- **Directions for this task**: A faithful copy of the entries, without any pictures, is what is needed here.

[Saved entries]
<<<<
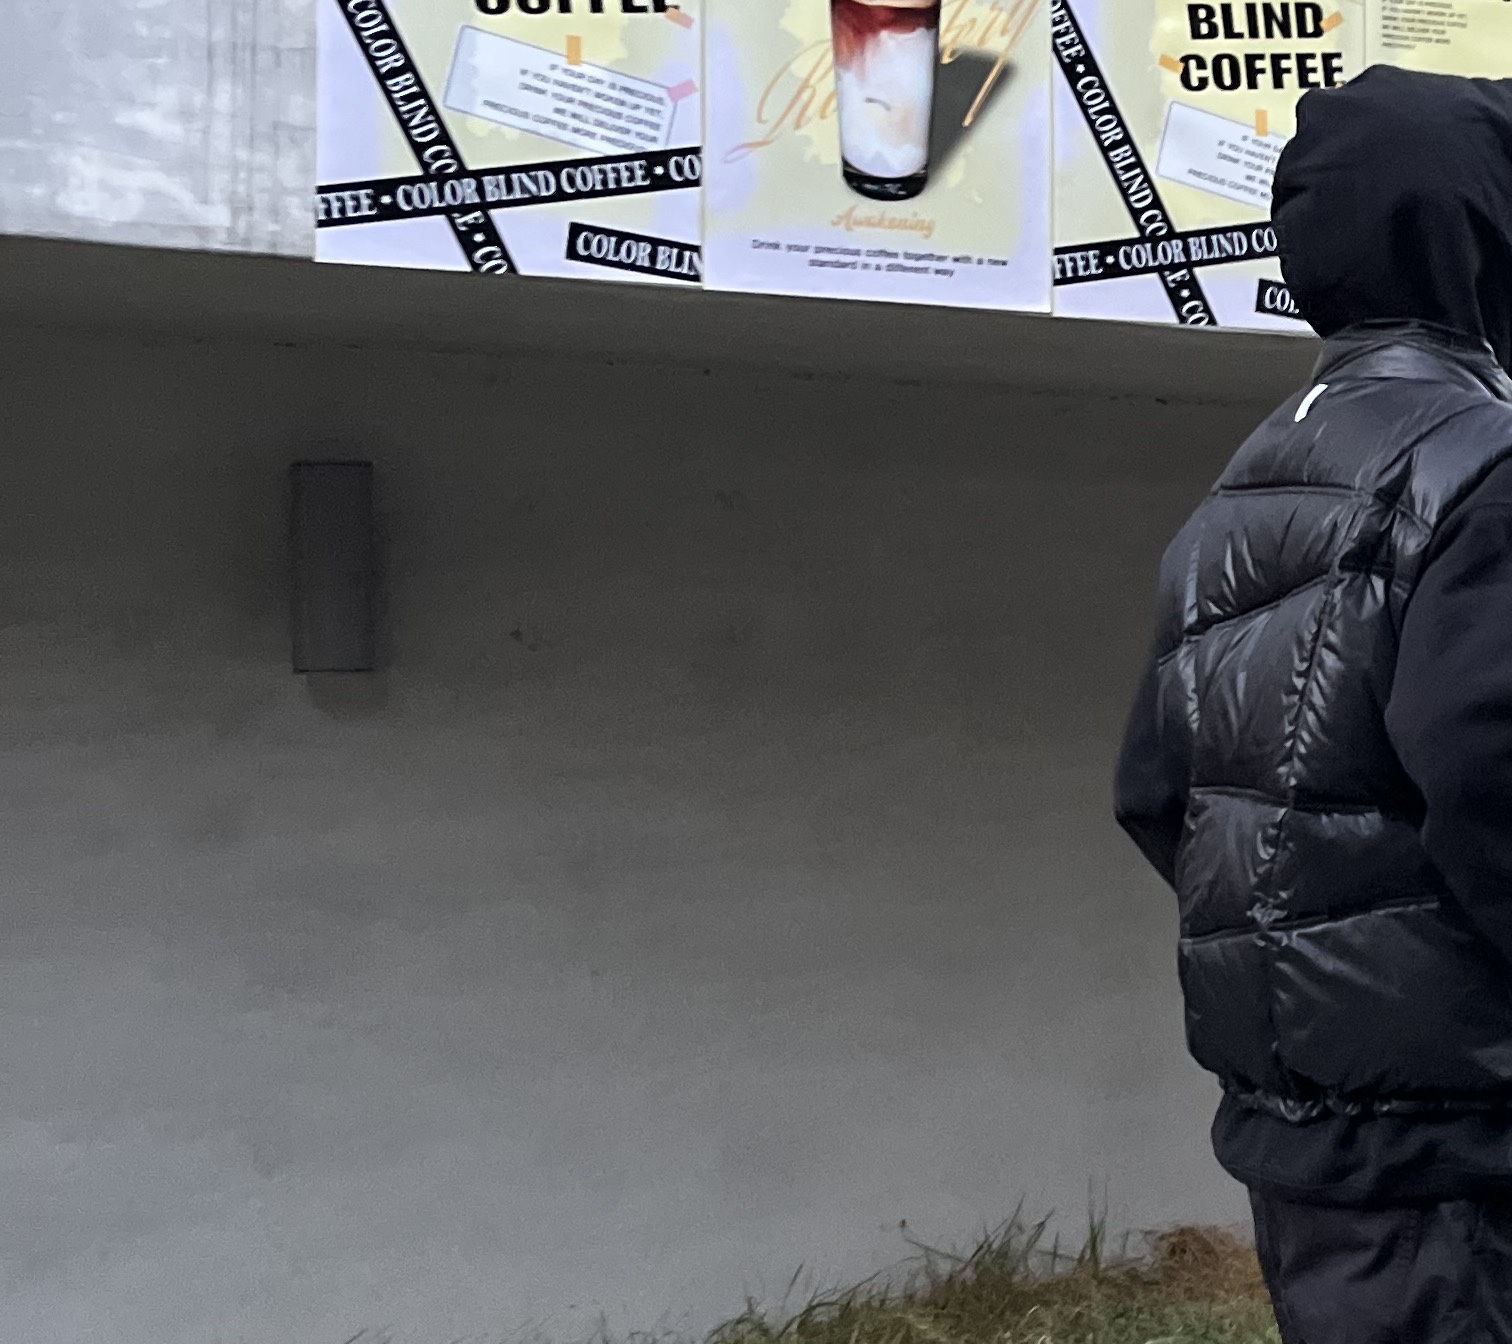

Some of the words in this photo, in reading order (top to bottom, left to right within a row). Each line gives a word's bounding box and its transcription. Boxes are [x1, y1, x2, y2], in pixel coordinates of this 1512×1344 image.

[1187, 1, 1324, 40] BLIND
[1178, 51, 1345, 92] COFFEE
[385, 71, 439, 143] BLIND
[1075, 75, 1124, 146] COLOR
[1108, 144, 1153, 208] BLIND
[396, 177, 481, 211] COLOR
[480, 169, 557, 202] BLIND
[559, 159, 651, 193] COFFEE
[575, 231, 652, 267] COLOR
[1117, 238, 1187, 270] COLOR
[1186, 231, 1248, 261] BLIND
>>>>
- **Answer to this problem**:
Some of the words in this photo, in reading order (top to bottom, left to right within a row). Each line gives a word's bounding box and its transcription. Boxes are [x1, y1, x2, y2], in pixel coordinates of this 1512×1344 image.

[1187, 1, 1324, 40] BLIND
[1178, 51, 1345, 92] COFFEE
[385, 71, 439, 143] BLIND
[1075, 75, 1124, 146] COLOR
[1108, 144, 1153, 208] BLIND
[396, 177, 481, 211] COLOR
[480, 169, 557, 202] BLIND
[559, 159, 651, 193] COFFEE
[575, 231, 652, 267] COLOR
[1117, 238, 1187, 270] COLOR
[1186, 231, 1248, 261] BLIND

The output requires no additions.